Lassen’s large dome — one of the largest in the world — was formed 27,000 years ago.

Lassen’s eruption 104 years ago wasn’t even a fraction of a micro-second on the geological clock. Its actual formation on the same scale occurred a second or so ago.

It’s against that yardstick, one weighs the updated United States Geological Survey of active volcanoes in California that was published in 2018.

 

‘Very high threat’ volcano

located along Highway 120

Take Highway 120 less than 200 miles east and you will be near the edge of one of 18 volcanoes in the United States that the U.S. Geological Society has designated as posing a “very high threat.”

The Long Valley Caldera — essentially a massive depression left after the eruption or evacuation of a magma chamber — is one of the largest on earth. It is 20 miles long, 11 miles wide and up to 3,000 feet.

It’s located east of Mammoth Mountain and June Lake and south of Mono Lake where Highway 120 passes by its southern shore.

Yellowstone Park is also on top of a caldera.

Calderas are sometimes referred to as super-volcanoes.

The “very high threat” does not mean the volcanoes on the list pose an immediate risk of erupting. Instead the list — updated five years ago for the first time since 2005 — identified volcanoes based on recent activity typically measured in hundreds or thousands of years, the frequency of past eruptions, and seismic activity that justify closer study.

Geological Survey experts cautioned that the threat rankings aren’t about what will blow next, but the potential severity of the damage.

The score is based on the type of volcano, how explosive it can be, how recently it has been active, how frequently it erupts, if there has been seismic activity, how many people live nearby, if evacuations have happened in the past and if eruptions disrupt air traffic.

The Long Valley Caldera was formed 760,000 years ago.

The most significant activity was a strong swarm of earthquakes in May 1980 that involved four quakes at or slightly above 6.0 on the Richter Scale that hit in the southern region of the caldera that created a 10-inch, dome-shaped uplift on the caldera floor.

Long Valley is rated as the 18th at the bottom of the U.S. Geological Survey’s volcanoes deemed “very high threat.”
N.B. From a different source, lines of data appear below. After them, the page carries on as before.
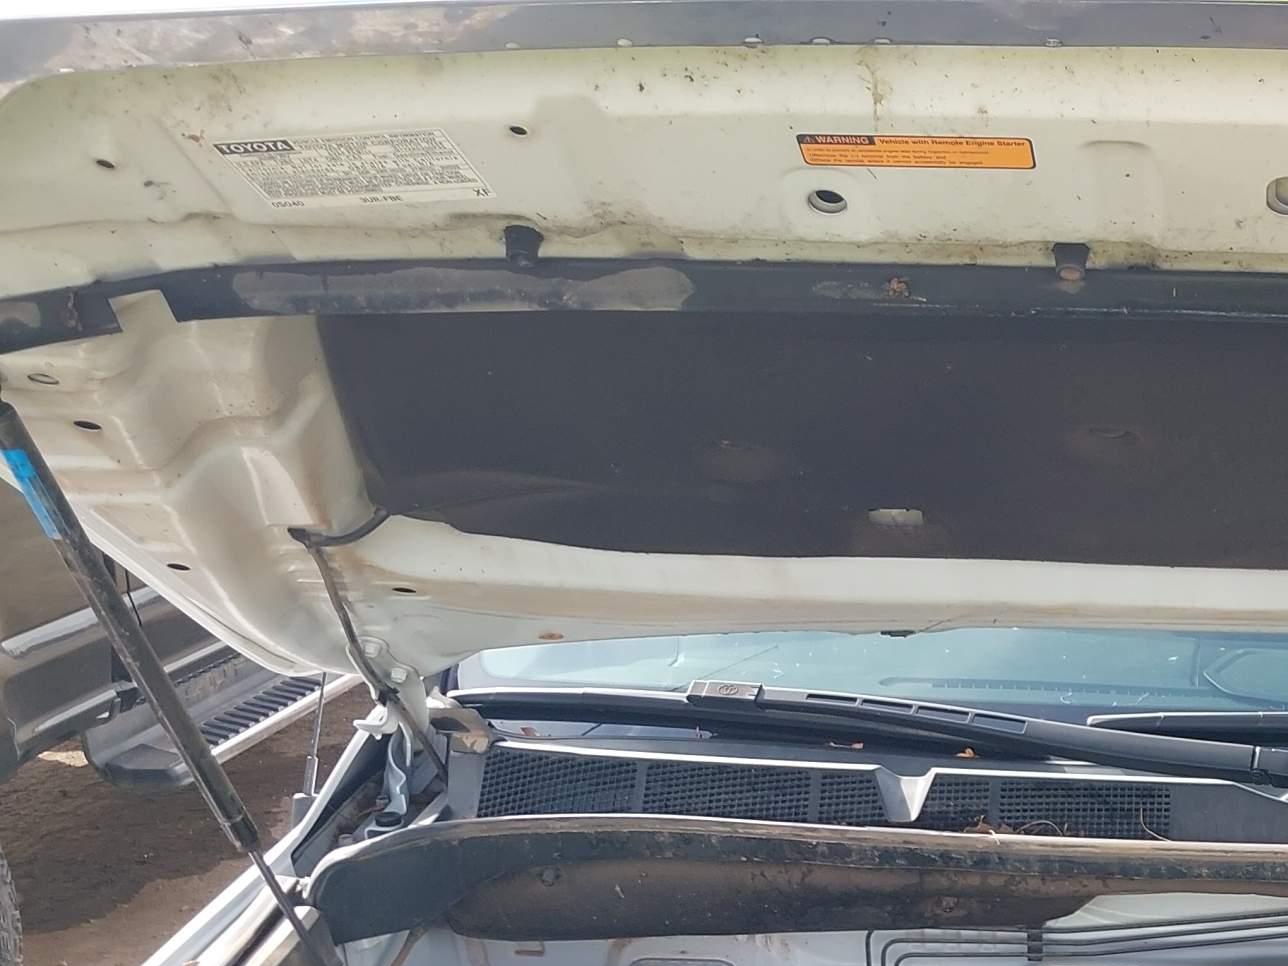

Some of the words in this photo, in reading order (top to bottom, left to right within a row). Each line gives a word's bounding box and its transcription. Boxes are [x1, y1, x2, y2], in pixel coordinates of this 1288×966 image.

[220, 140, 290, 154] TOYOTA
[814, 135, 870, 145] WARNING
[879, 138, 910, 146] Vehicle
[911, 138, 931, 146] with
[931, 139, 964, 147] Remote
[965, 139, 996, 148] Engine
Just to the north of the Long Valley Caldera is the Mono-Inyo Craters that Highway 120 passes through on its way east from Highway 395 to its terminus in Benton at U.S. Highway 6.
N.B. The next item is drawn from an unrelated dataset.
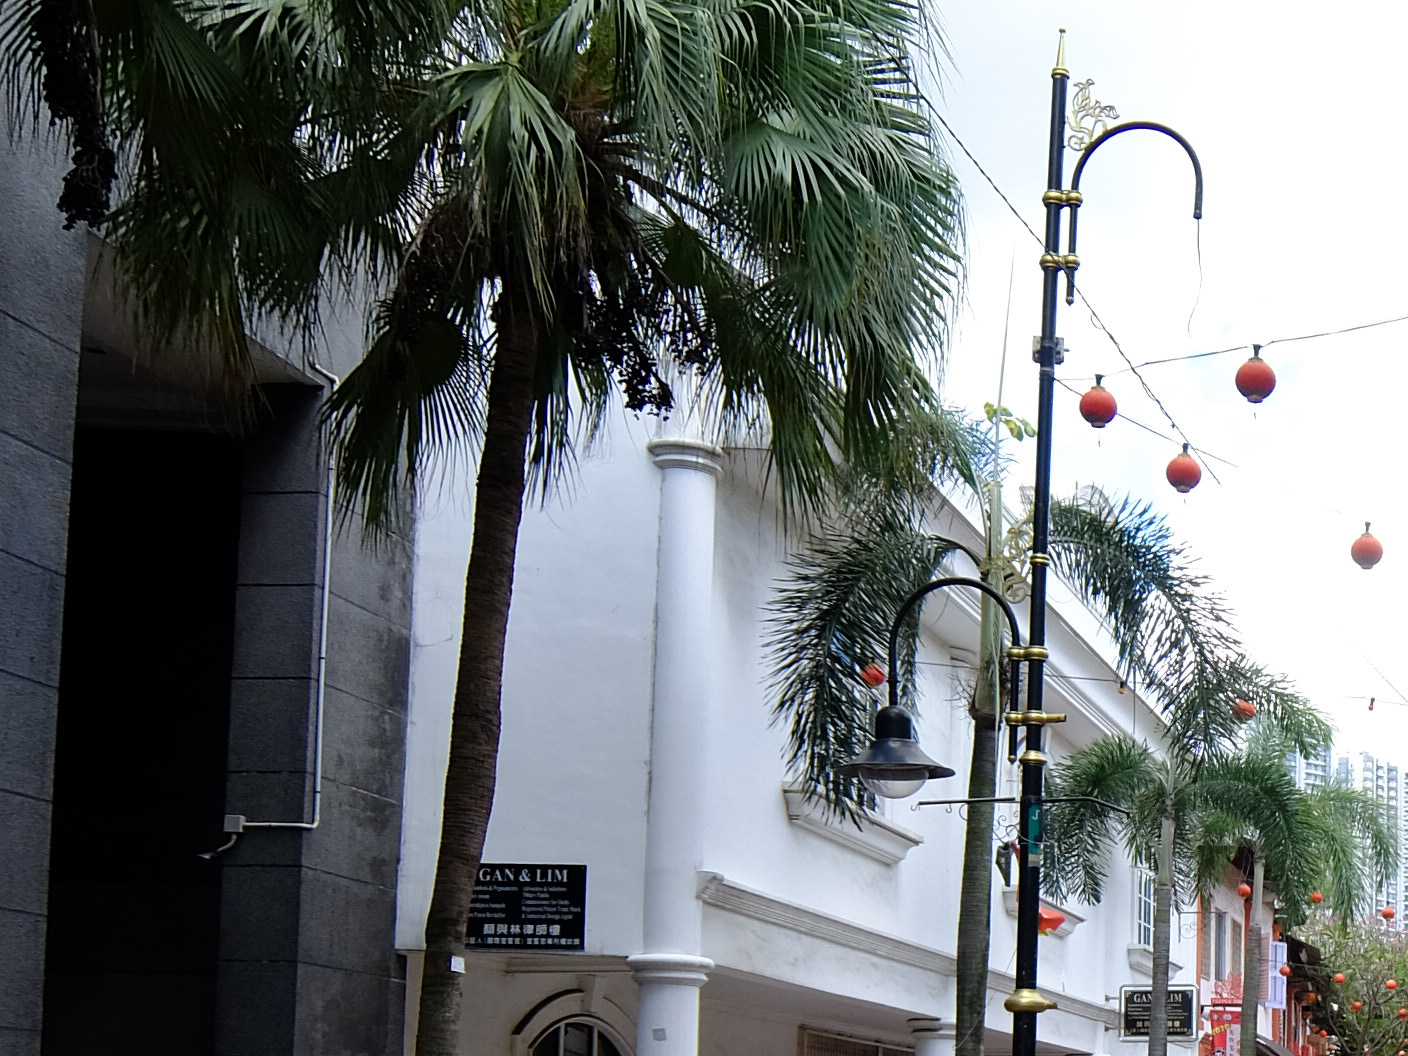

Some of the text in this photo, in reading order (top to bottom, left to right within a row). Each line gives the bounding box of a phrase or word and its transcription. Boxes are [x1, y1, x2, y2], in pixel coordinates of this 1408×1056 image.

[479, 868, 568, 883] GAN & LIM
The southern part of that chain had an explosive eruption 600 years ago. The latest on the northern part of the chain — an eruption on Pahoa Island in Mono Lake — occurred 300 years ago. Mono Craters due to the type of volcanic activity is not considered a major threat.

The highest California on the “very high threat” is Mt. Shasta at No. 5.

The only other volcano to make the list is Mt. Lassen volcanic center at No. 11.

The two volcanoes — especially Mt. Shasta — are what comes to most people’s minds when they think of a typical volcano in terms of its mountain peak-like formation and how it erupts.

Shasta last erupted in 1786 while Lassen last erupted in 1917.

Up until a few years ago, it was believed Mt Shasta had erupted in 1786 based on what a French explorer believed was an ash cloud he saw in the general area from the edge of the Pacific Ocean.

Volcanologists over the years haven’t been able to find evidence of an eruption in 1786.

They concluded it was a smoke plume from a massive grassland fire that used to burn for months in the Great Central Valley.

There are five active volcanoes in California.

Lassen was the last volcanic eruption in the continental United States until Mount St. Helens in the State of Washington erupted in 1980.

That 1980 eruption killed 57 people, partially collapsed the volcano, caused $1.1 billion in property damages and spread ash across 11 states.

Hawaii’s Kilauea, which has been erupting this year, tops the list. The others in the top five besides Mt. Shasta are Mount St. Helens and Mount Rainier in Washington, and Alaska’s Redoubt Volcano. Eleven of the 18 very high threat volcanoes are in Oregon, Washington and California.

The other volcanoes on the list besides the top five, Long Valley, and Lassen are Mt. Hood, Three Sisters and Crater Lake in Oregon; Akutan Island, Makushin, Mt. Spurr and Augustine in Alaska; Mt. Baker and Glacier Peak in Washington; and Mauna Loa in Hawaii.

CRATER
This photo shows the active crater on Oct. 20, 1914.